Use this skill only with a trusted Wiki.js endpoint over HTTPS and a least-privileged API token. Confirm the Markdown file and target path before publishing, because an existing page at that path will be updated and new pages are created as published/non-private by default. No artifact-backed evidence of malicious exfiltration, persistence, or hidden behavior was found.
Findings (3)
Artifact-based informational review of SKILL.md, metadata, install specs, static scan signals, and capability signals. ClawScan does not execute the skill or run runtime probes.
If invoked with a broadly scoped token, the agent can create or update wiki pages allowed by that token.
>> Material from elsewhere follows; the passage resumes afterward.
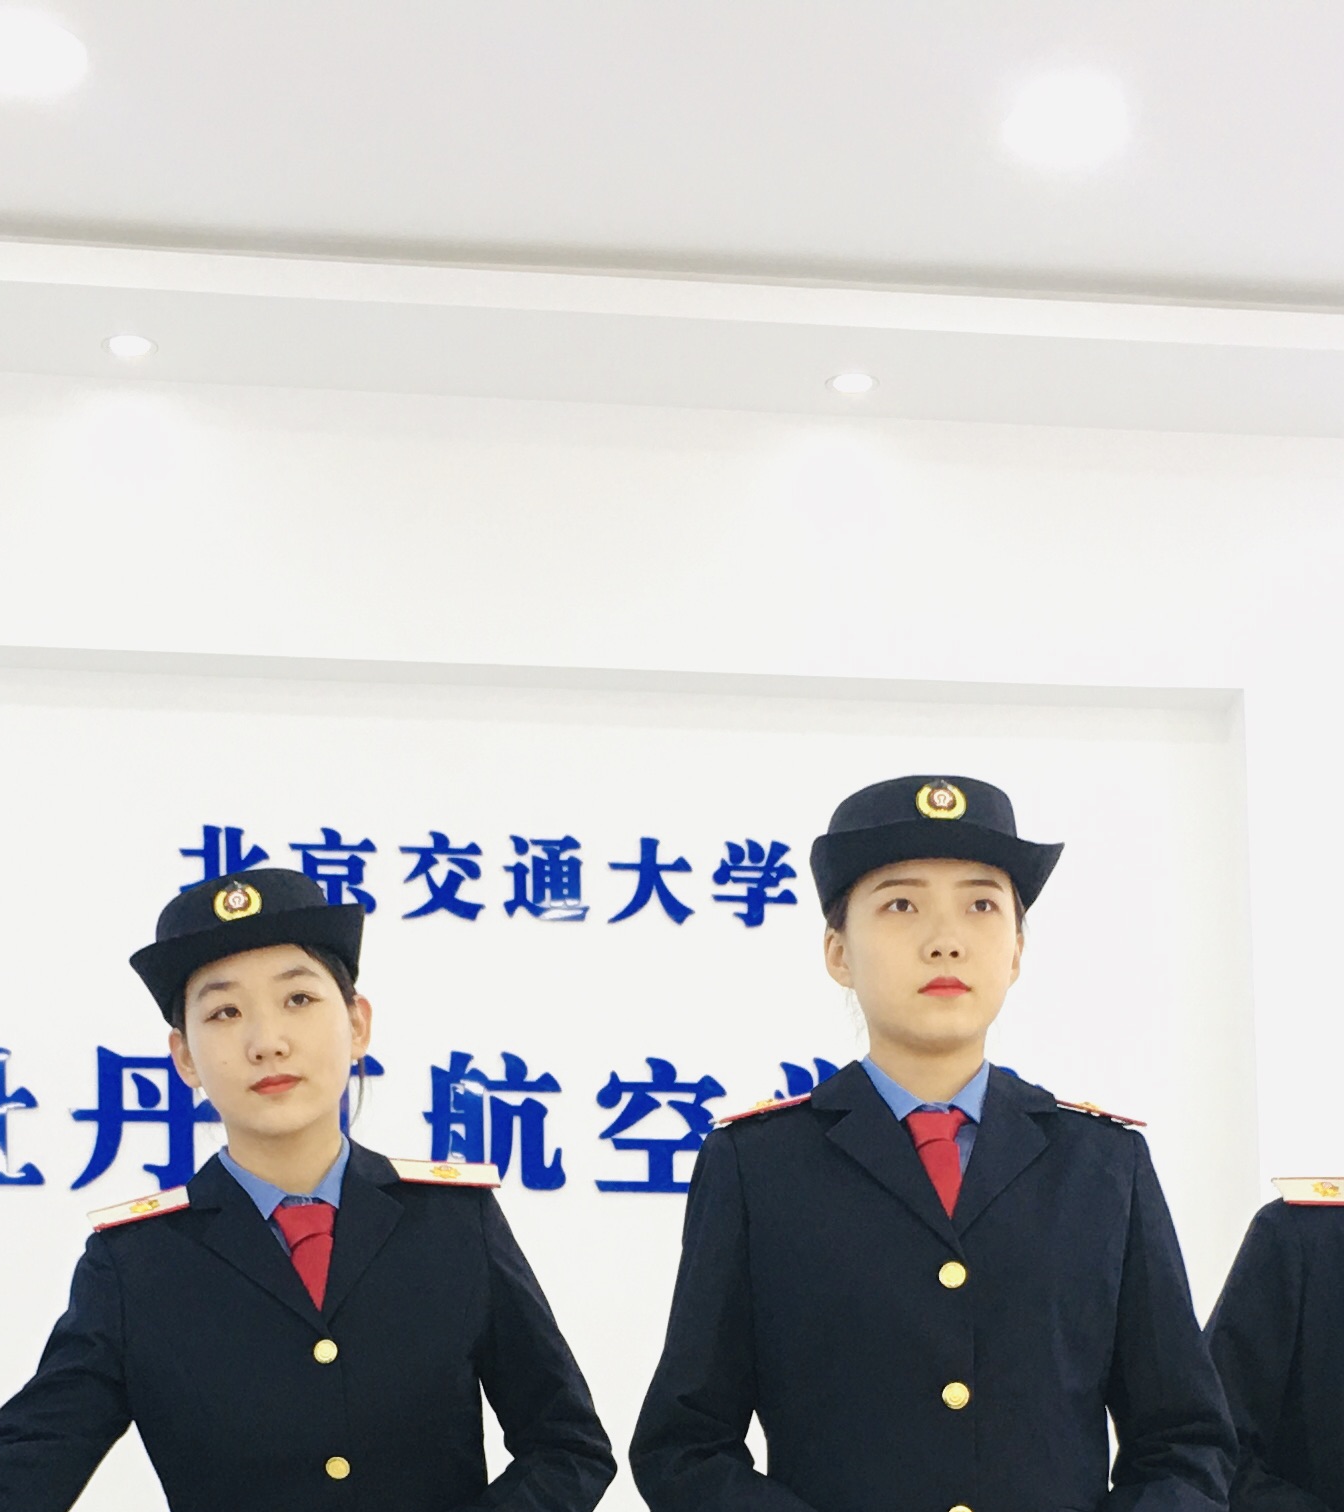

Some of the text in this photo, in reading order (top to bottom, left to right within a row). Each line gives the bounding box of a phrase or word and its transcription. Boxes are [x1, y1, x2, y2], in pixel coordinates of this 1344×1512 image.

[179, 823, 798, 927] 北京交通大学
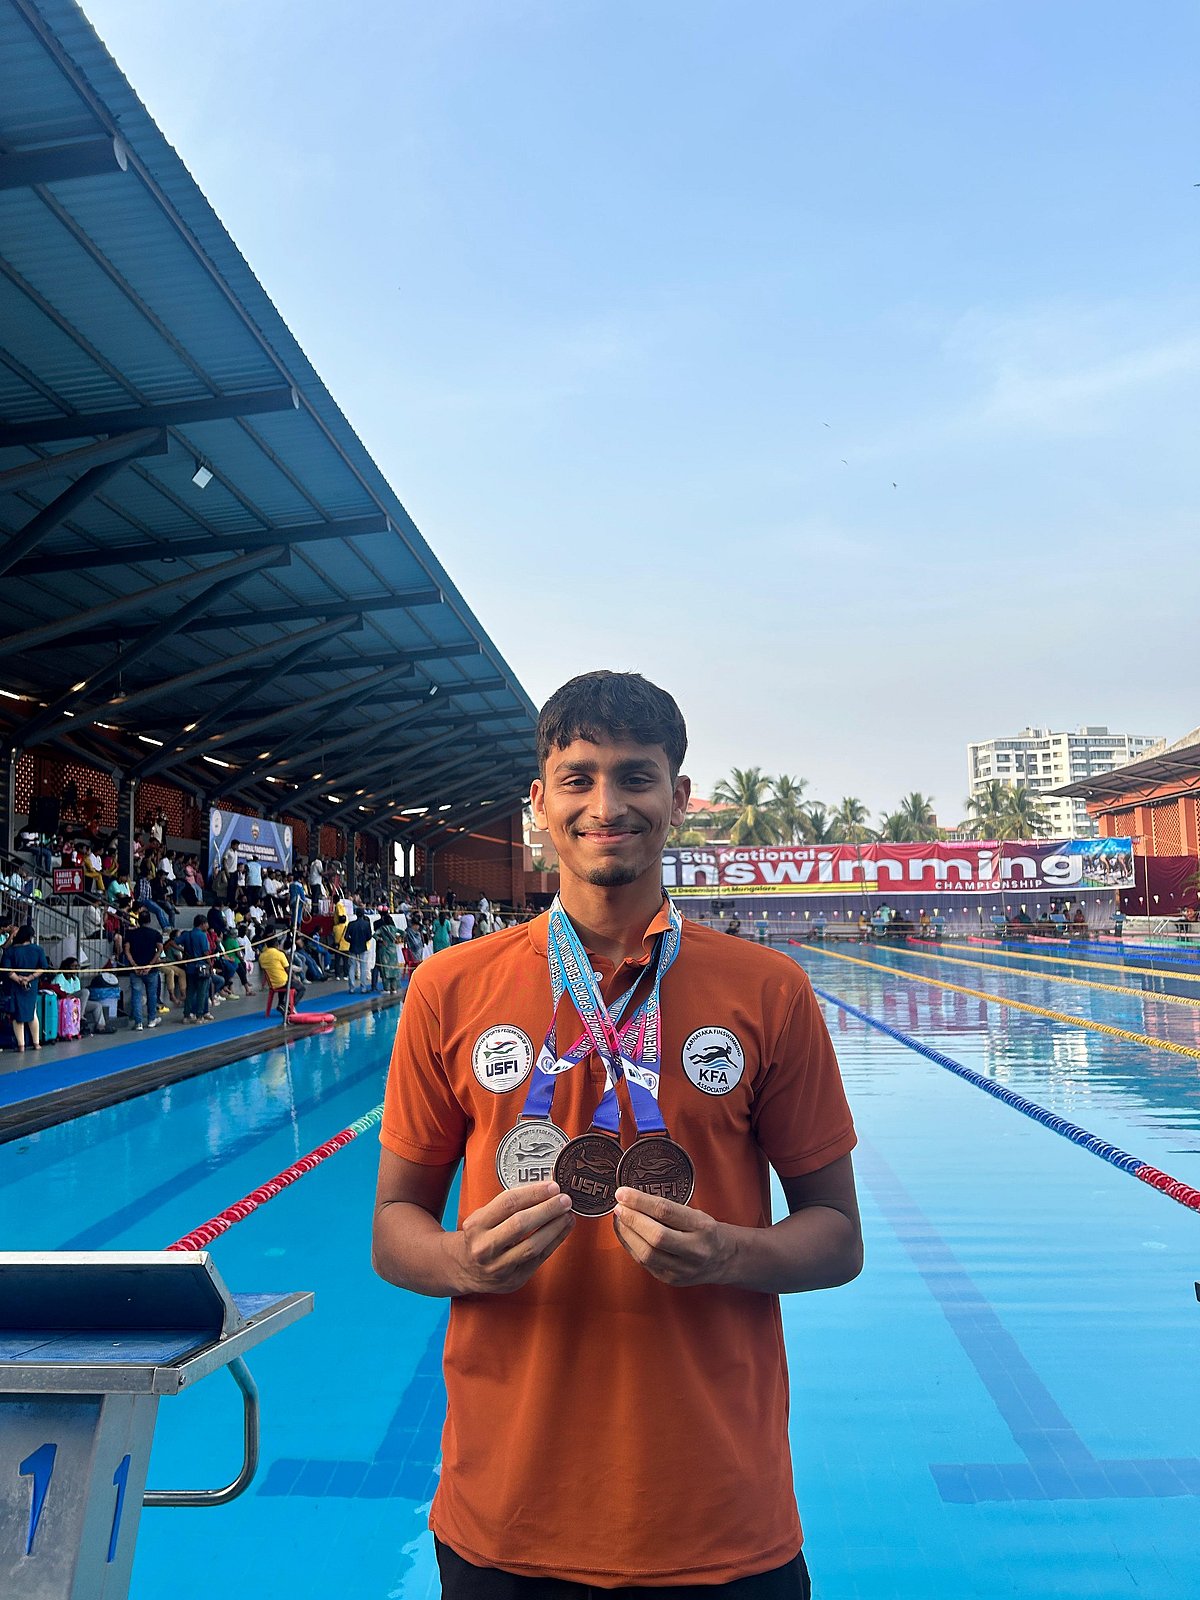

The skill requires a Wiki.js API token and states the user must have write permissions. This is expected for publishing, but it delegates real account authority to the agent/script.
"WIKI_KEY", "description": "Wiki.js API token", "required": true, "credential": true ... "primaryCredential": "WIKI_KEY"
Use a least-privileged Wiki.js API token limited to the intended wiki or namespace, keep it out of logs, and revoke or rotate it when no longer needed.
A mistaken path or file selection could overwrite an existing wiki page or publish draft/private content to the configured wiki.
The script can update an existing page without an interactive prompt and creates new pages as published/non-private. This is purpose-aligned for a publisher, but it is a high-impact action if the file or path is wrong.
if existing_page: ... print(f"Page exists (ID: {existing_page['id']}), updating...") ... result = update_page(...); ... isPublished: true ... isPrivate: falseReview the Markdown file, target WIKI_URL, and --path before running; consider using a staging wiki or adding a confirmation step for updates.
Users relying only on registry metadata may not realize the skill needs a Wiki.js API token and performs authenticated network writes.
The registry-facing metadata lacks source/homepage provenance and does not list the credential requirements that SKILL.md declares. The behavior is still disclosed in the skill text and code, so this is an install-context note rather than evidence of hidden behavior.
Source: unknown; Homepage: none; Required env vars: none; Primary credential: none
Read the SKILL.md and script before use, verify the owner/source as much as possible, and keep registry metadata synchronized with required credentials and dependencies.